[What to do] Could you output all of the records below exactly as they appear?
Dataset content below:
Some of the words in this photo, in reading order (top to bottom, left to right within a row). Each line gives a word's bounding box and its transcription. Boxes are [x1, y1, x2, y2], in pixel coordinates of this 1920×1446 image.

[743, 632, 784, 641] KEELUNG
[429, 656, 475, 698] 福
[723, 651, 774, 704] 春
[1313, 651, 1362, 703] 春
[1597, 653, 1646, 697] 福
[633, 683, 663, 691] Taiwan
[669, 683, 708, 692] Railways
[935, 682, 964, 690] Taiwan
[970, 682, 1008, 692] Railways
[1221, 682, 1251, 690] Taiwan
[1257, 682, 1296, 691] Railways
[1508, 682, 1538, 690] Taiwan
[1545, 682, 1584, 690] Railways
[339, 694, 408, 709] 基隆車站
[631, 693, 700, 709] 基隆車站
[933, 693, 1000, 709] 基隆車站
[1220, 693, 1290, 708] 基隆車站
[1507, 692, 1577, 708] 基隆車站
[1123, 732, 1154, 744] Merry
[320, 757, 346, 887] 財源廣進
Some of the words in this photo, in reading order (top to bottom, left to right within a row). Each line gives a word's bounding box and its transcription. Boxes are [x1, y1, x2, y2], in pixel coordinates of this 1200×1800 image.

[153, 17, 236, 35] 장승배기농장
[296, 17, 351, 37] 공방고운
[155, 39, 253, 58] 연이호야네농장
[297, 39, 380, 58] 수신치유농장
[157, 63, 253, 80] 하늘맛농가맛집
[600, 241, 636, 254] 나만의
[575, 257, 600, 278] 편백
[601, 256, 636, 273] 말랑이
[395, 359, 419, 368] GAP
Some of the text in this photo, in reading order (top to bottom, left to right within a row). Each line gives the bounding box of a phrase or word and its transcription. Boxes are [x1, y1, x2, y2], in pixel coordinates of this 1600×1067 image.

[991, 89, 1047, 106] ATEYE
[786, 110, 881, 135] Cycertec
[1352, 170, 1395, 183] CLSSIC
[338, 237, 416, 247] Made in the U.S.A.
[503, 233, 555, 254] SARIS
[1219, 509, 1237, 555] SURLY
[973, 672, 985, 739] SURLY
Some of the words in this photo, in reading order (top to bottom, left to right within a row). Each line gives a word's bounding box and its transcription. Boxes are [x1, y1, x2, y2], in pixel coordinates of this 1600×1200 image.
End of Dataset content.
[Your solution]
Some of the words in this photo, in reading order (top to bottom, left to right within a row). Each line gives a word's bounding box and its transcription. Boxes are [x1, y1, x2, y2], in pixel coordinates of this 1920×1446 image.

[743, 632, 784, 641] KEELUNG
[429, 656, 475, 698] 福
[723, 651, 774, 704] 春
[1313, 651, 1362, 703] 春
[1597, 653, 1646, 697] 福
[633, 683, 663, 691] Taiwan
[669, 683, 708, 692] Railways
[935, 682, 964, 690] Taiwan
[970, 682, 1008, 692] Railways
[1221, 682, 1251, 690] Taiwan
[1257, 682, 1296, 691] Railways
[1508, 682, 1538, 690] Taiwan
[1545, 682, 1584, 690] Railways
[339, 694, 408, 709] 基隆車站
[631, 693, 700, 709] 基隆車站
[933, 693, 1000, 709] 基隆車站
[1220, 693, 1290, 708] 基隆車站
[1507, 692, 1577, 708] 基隆車站
[1123, 732, 1154, 744] Merry
[320, 757, 346, 887] 財源廣進
Some of the words in this photo, in reading order (top to bottom, left to right within a row). Each line gives a word's bounding box and its transcription. Boxes are [x1, y1, x2, y2], in pixel coordinates of this 1200×1800 image.

[153, 17, 236, 35] 장승배기농장
[296, 17, 351, 37] 공방고운
[155, 39, 253, 58] 연이호야네농장
[297, 39, 380, 58] 수신치유농장
[157, 63, 253, 80] 하늘맛농가맛집
[600, 241, 636, 254] 나만의
[575, 257, 600, 278] 편백
[601, 256, 636, 273] 말랑이
[395, 359, 419, 368] GAP
Some of the text in this photo, in reading order (top to bottom, left to right within a row). Each line gives the bounding box of a phrase or word and its transcription. Boxes are [x1, y1, x2, y2], in pixel coordinates of this 1600×1067 image.

[991, 89, 1047, 106] ATEYE
[786, 110, 881, 135] Cycertec
[1352, 170, 1395, 183] CLSSIC
[338, 237, 416, 247] Made in the U.S.A.
[503, 233, 555, 254] SARIS
[1219, 509, 1237, 555] SURLY
[973, 672, 985, 739] SURLY
Some of the words in this photo, in reading order (top to bottom, left to right within a row). Each line gives a word's bounding box and its transcription. Boxes are [x1, y1, x2, y2], in pixel coordinates of this 1600×1200 image.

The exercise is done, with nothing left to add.